Writers: Khoroldorj Choijoovanchig, Kate Kennelly, Tessa Louise-Salomé and Chantal Perrin
Director: Khoroldorj Choijoovanchig
Nomadic life in Mongolia’s Gobi Desert has almost vanished, but in its stead, a new tribe of nomads now journeys the empty landscape; trucks full of coal slowly make their way from the desert to the Chinese border. Drivers are on the road for months, sometimes stuck in a long line of lorries for days at a time as they wait for the border to open. Khoroldorj Choijoovanchig’s bleak documentary focuses on one of the only female drivers who patiently but heartbreakingly waits in the queue of trucks that snakes its way to the horizon.

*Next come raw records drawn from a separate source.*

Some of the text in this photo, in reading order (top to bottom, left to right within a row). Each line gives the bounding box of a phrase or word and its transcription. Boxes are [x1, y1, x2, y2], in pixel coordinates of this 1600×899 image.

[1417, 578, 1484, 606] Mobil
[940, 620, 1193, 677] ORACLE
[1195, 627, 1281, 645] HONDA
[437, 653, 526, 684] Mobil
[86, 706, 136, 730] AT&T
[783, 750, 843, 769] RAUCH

Maikhuu Sengee needs to work to look after her children and pay her outstanding debts. When she’s working, her sister looks after the kids. Maikhuu misses her daughter’s birthday and instead FaceTimes her from her cab while eating a meal that she has also prepared in her cab. She’s nostalgic for her childhood days when she and her family drove livestock through the Gobi. Now she drives a truck.
The work is dangerous. Choijoovanchig’s camera picks out the overturned lorries that litter the roadsides, often with their cabs at an angle like broken necks. An unofficial union rep wants to fight for more safety for the drivers, but during the five or so years this documentary charts, there is no sign of any improvement for their welfare. The roads are badly made, and often trucks will cut off one another in the race to get to the border and be paid.

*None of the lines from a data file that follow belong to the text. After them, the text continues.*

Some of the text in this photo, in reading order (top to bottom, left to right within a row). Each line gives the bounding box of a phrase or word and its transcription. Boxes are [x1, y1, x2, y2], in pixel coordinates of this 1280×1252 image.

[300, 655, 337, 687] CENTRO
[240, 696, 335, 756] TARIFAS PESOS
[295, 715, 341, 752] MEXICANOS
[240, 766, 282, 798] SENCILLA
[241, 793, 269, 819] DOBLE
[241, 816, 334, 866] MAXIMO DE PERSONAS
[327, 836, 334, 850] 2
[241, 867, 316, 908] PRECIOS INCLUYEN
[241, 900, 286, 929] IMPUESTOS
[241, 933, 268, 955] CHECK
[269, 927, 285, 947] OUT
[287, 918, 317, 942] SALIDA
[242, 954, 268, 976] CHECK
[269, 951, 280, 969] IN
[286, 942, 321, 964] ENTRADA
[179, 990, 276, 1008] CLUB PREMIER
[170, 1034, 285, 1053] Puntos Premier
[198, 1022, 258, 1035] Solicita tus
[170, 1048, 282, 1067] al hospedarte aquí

Most of the other drivers we meet in Colors of White Rock – named after the town in which the coal quarry is located – appear supportive of Maikhuu, although she recounts stories of incidents involving sexual harassment from other drivers, an issue that is returned to when she briefly works as a taxi driver in Ulaanbaatar. But being on the road is mainly a solitary existence.
The best shots are those from drones that show the expansive emptiness of the desert or the polluted air of Mongolia’s capital. There is little cheer in these images, and Gael Rakotondrabe’s ominous score always hints that something worse is going to happen. The documentary often moves like a slow-burning arthouse thriller.

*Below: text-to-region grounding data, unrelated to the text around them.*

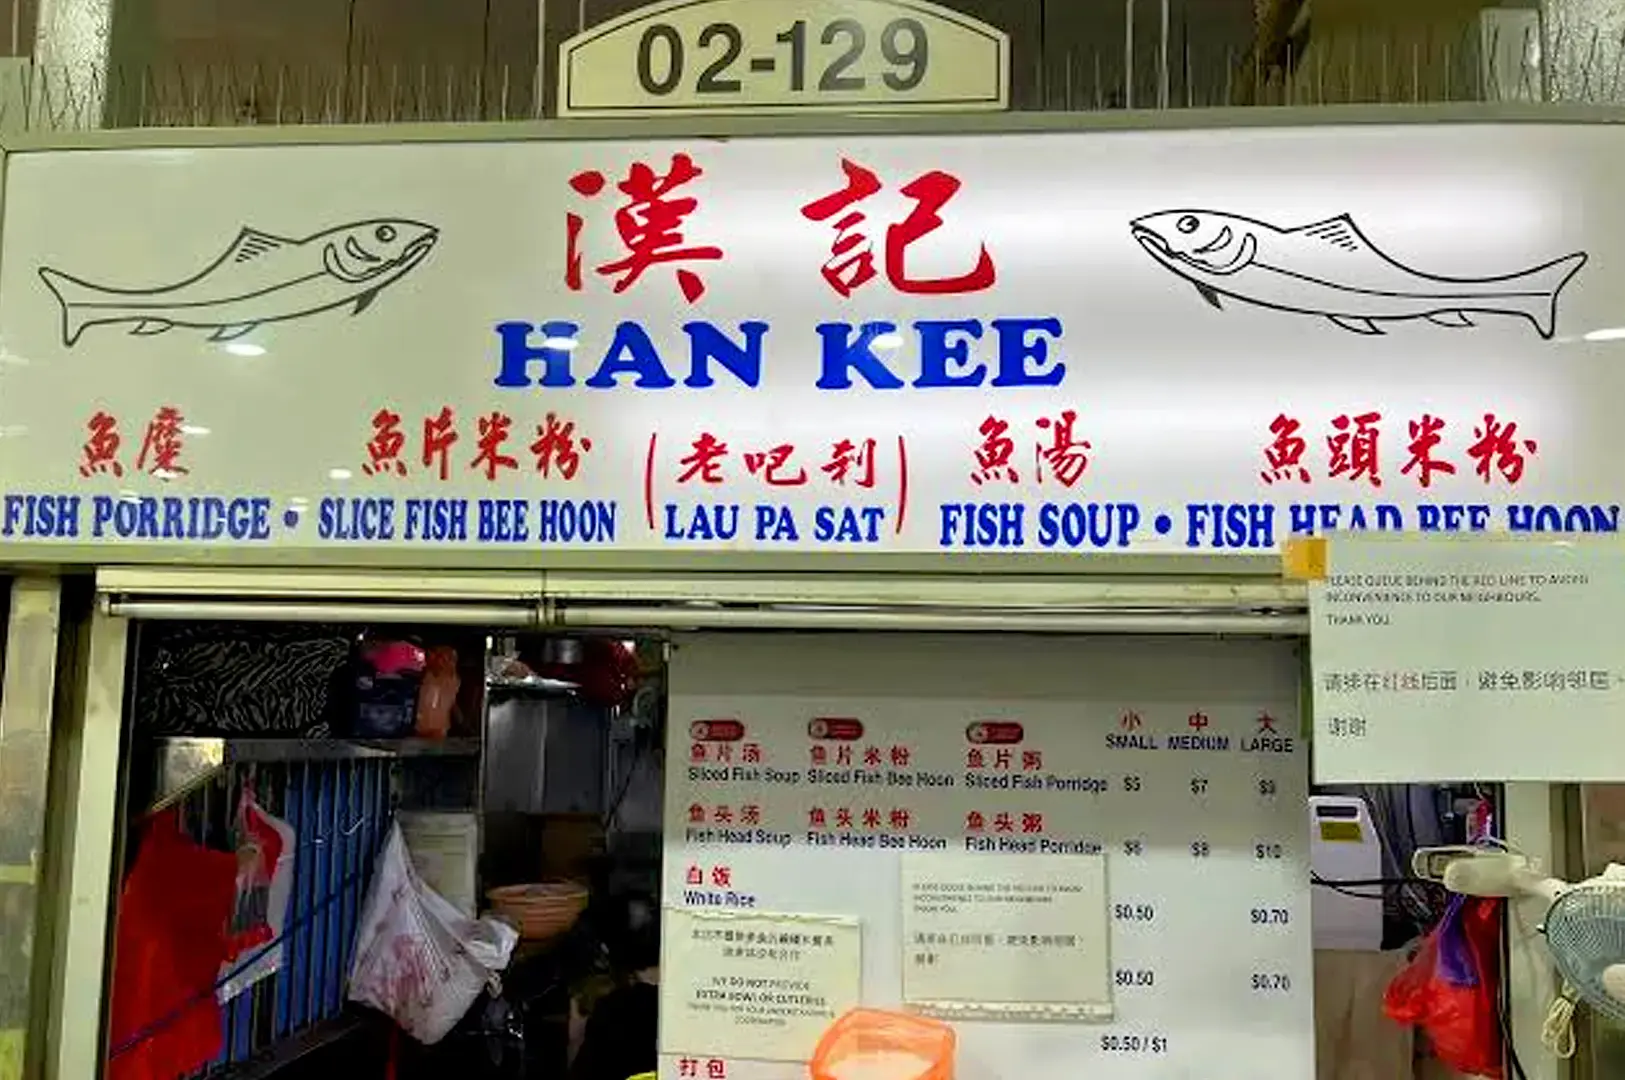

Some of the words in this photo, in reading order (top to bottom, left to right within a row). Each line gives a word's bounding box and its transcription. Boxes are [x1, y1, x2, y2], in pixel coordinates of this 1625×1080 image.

[636, 19, 930, 97] 02-129
[566, 152, 996, 303] 漢記
[493, 319, 770, 389] HAN
[815, 317, 1067, 390] KEE
[361, 407, 592, 481] 魚片米粉
[969, 410, 1091, 487] 魚湯
[1259, 413, 1537, 487] 魚頭米粉
[3, 495, 79, 540] FISH
[92, 496, 271, 540] PORRIDGE
[318, 500, 394, 542] SLICE
[403, 501, 469, 542] FISH
[479, 502, 530, 542] BEE
[538, 502, 617, 543] HOON
[664, 505, 740, 540] LAU
[755, 506, 799, 541] PA
[814, 506, 885, 542] SAT
[940, 503, 1025, 547] FISH
[1039, 503, 1140, 547] SOUP
[1185, 504, 1274, 547] FISH
[1289, 505, 1404, 534] HEAD
[1120, 711, 1142, 731] 小
[1187, 710, 1209, 731] 中
[1256, 713, 1277, 733] 大
[1106, 735, 1158, 750] SMALL
[1168, 736, 1230, 751] MEDIUM
[1240, 737, 1294, 753] LARGE
[916, 773, 955, 787] Hoon
[965, 774, 1009, 789] Sliced
[1012, 775, 1043, 790] Fish
[965, 837, 995, 852] Fish
[1115, 904, 1153, 921] $0.50
[1250, 907, 1289, 925] $0.70
[1115, 970, 1154, 987] $0.50
[1100, 1035, 1139, 1052] $0.50
[1151, 1036, 1168, 1053] $1
[679, 1058, 726, 1079] 打包

Coal dust gets everywhere. The drivers’ faces are smeared in the stuff, and the shot of a besmirched bar of white soap speaks volumes about the drivers’ lives. And there is no escape in Ulaanbaatar, where stray dogs and cows search for food amidst the rubbish that seems to be piled up everywhere. Only at night and from up high does the city look beautiful.
Even though Colors of White Rock covers the effect of the Covid epidemic on the drivers’ livelihoods and a further tragedy in Maikhuu’s life, the film lacks a propelling narrative. That may be the point to show the lack of agency that these forgotten new nomads have, but it makes for depressing viewing, seeing that nothing changes. So intent is Mongolia in exporting minerals to the rest of the world, its own people have been neglected.
Colours of White Rock is screening at the Tribeca Film Festival and Sheffield Doc Fest.